■ **WORK TO COMPLETE**
Without including any pictures, write out all the entries exactly.

● ● ● ● ●

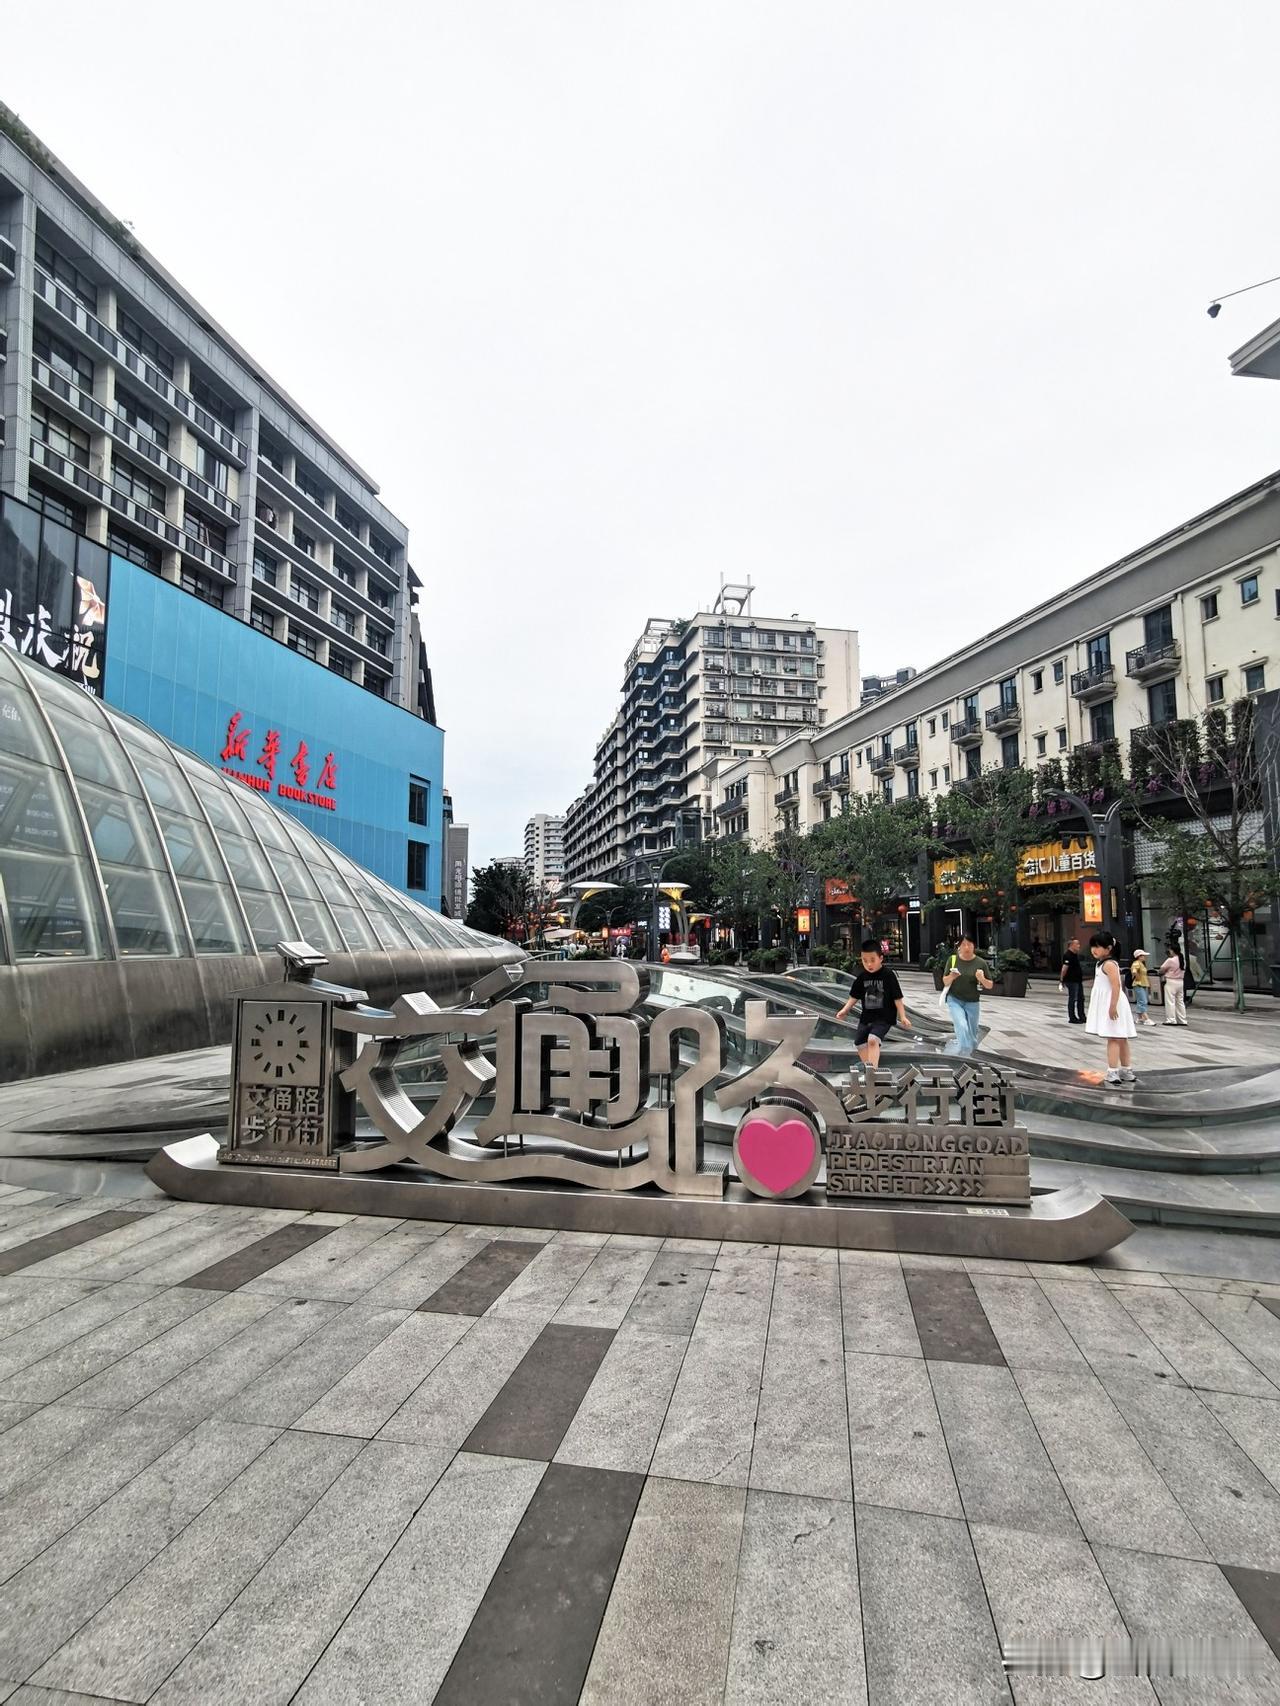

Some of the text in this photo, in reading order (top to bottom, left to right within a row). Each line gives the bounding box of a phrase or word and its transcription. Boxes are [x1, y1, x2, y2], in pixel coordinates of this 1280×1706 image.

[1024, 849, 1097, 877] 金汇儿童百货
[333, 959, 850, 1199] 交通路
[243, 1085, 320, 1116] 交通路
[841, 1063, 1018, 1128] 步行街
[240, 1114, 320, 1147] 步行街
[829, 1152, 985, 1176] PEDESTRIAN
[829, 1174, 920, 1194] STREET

● ● ● ● ●

■ **COMPLETED EXERCISE**
Some of the text in this photo, in reading order (top to bottom, left to right within a row). Each line gives the bounding box of a phrase or word and its transcription. Boxes are [x1, y1, x2, y2], in pixel coordinates of this 1280×1706 image.

[1024, 849, 1097, 877] 金汇儿童百货
[333, 959, 850, 1199] 交通路
[243, 1085, 320, 1116] 交通路
[841, 1063, 1018, 1128] 步行街
[240, 1114, 320, 1147] 步行街
[829, 1152, 985, 1176] PEDESTRIAN
[829, 1174, 920, 1194] STREET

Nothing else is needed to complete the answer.